Publication year - 2013
Publication title -
the faseb journal
Language(s) - English
Resource type - Journals
SCImago Journal Rank - 1.709
H-Index - 277
eISSN - 1530-6860
pISSN - 0892-6638
DOI - 10.1096/fasebj.27.1_supplement.936.2
Subject(s) - angiotensin ii , endocrinology , protein kinase c , medicine , protein kinase a , mapk/erk pathway , kinase , renin–angiotensin system , mitogen activated protein kinase , biology , chemistry , signal transduction , receptor , microbiology and biotechnology , blood pressure
Hallmark central nervous system actions of Ang II include stimulation of ingestive behaviors and activation of the autonomic nervous system. We identified a 7 amino acid peptide (PEP7) encoded within a short open reading frame in exon 2 of the rat angiotensin type 1a receptor (AT1aR) gene that inhibits Ang II‐induced activation of extracellular–regulated kinase 1&2 (ERK1/2), suggesting that PEP7 inhibits AT1aR action. We investigated the potential for PEP7 to antagonize the central actions of Ang II. Central administration of 1 nmole PEP7 significantly abrogated ingestion of 1.5% NaCl, but not water, in response to a stimulatory dose of Ang II (25 pmole) in male rats. Since saline drinking in response to Ang II is dependent upon the MAP‐kinase pathway, while water ingestion is activated by a protein kinase C (PKC)‐dependent pathway (Daniels et al.

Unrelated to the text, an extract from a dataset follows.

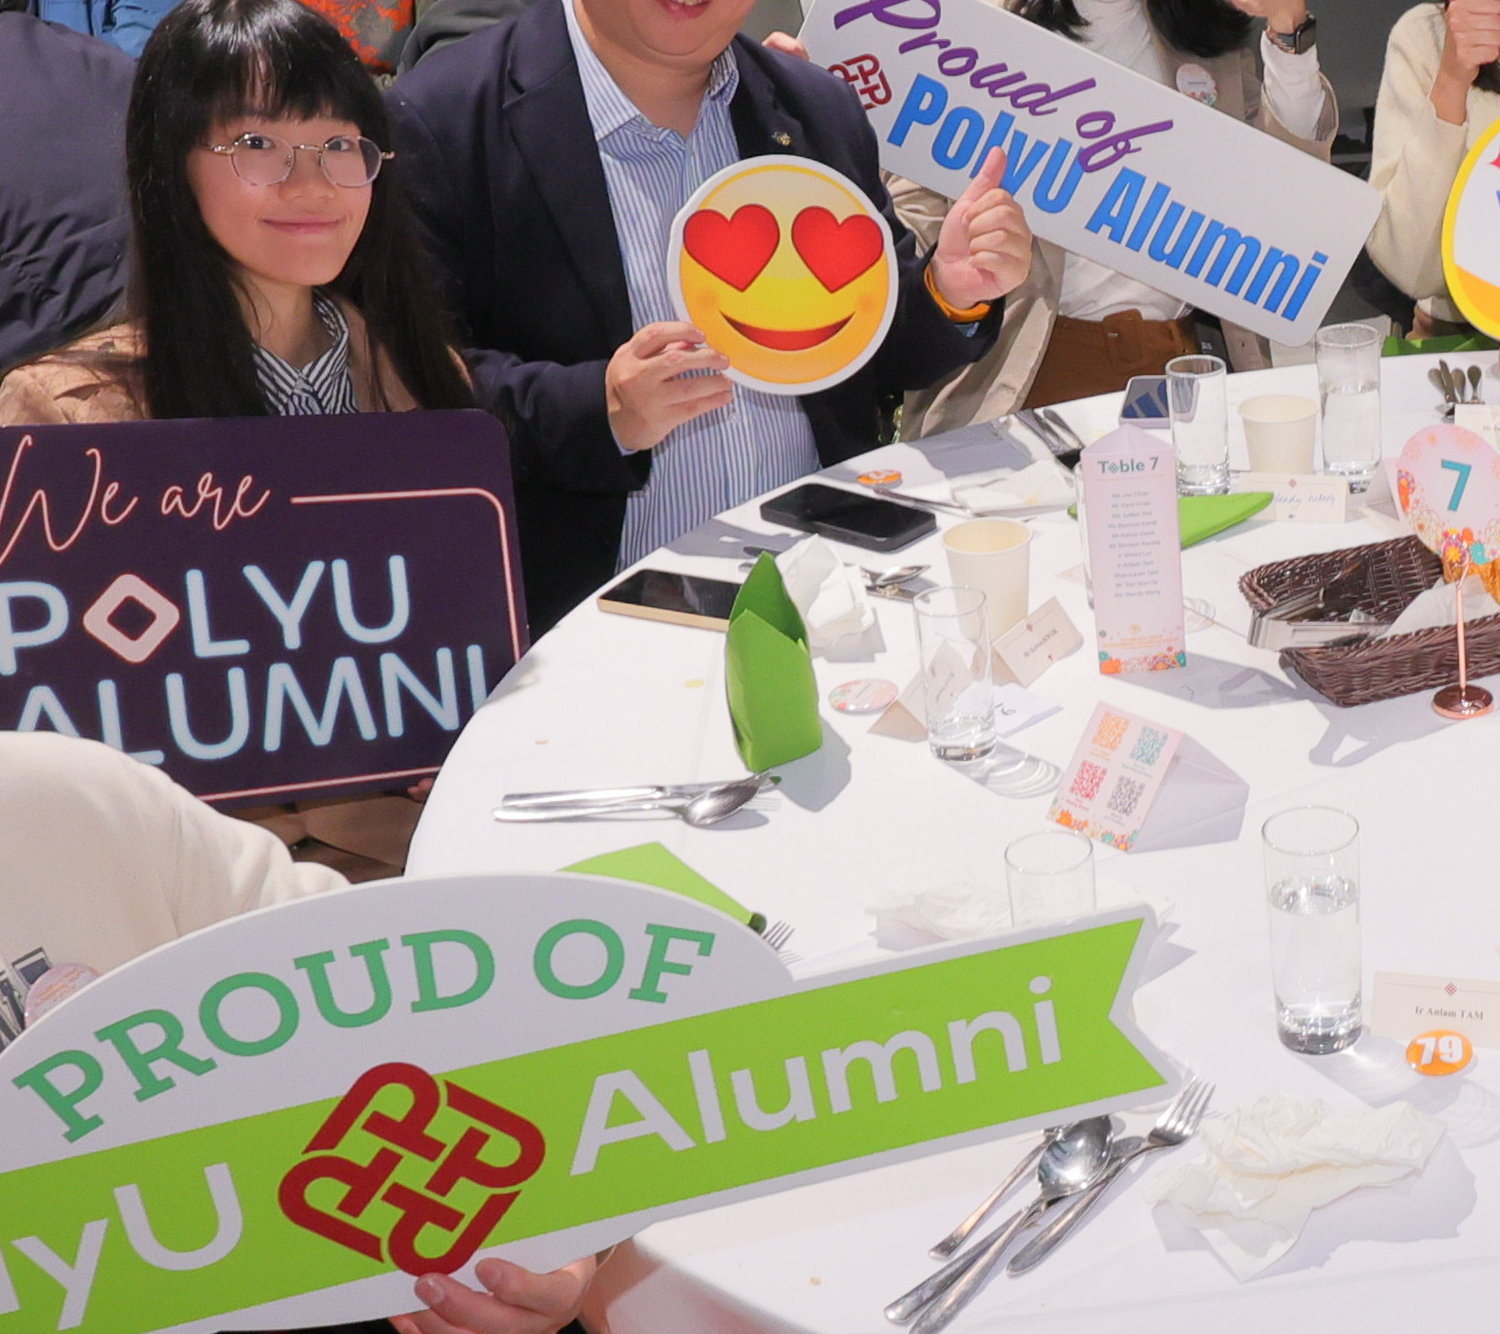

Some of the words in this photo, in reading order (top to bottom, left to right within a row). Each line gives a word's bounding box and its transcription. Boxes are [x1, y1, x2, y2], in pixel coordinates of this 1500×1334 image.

Exp Physiol 94:130,2008), these results suggest that PEP7 is a selective antagonist of MAP‐kinase‐dependent actions of Ang II. PEP7 pretreatment did not alter water drinking in response to overnight water restriction or the central autonomic actions of Ang II, suggesting that in those models, the actions of Ang II are more dependent upon PKC signaling than the ERK1/2 pathway. Thus PEP7 may be an important tool with which the solute‐dependent actions of Ang II can be isolated from those related to volume homeostasis. [NIH 066023 (WKS), NIH HL‐57502 (KS)]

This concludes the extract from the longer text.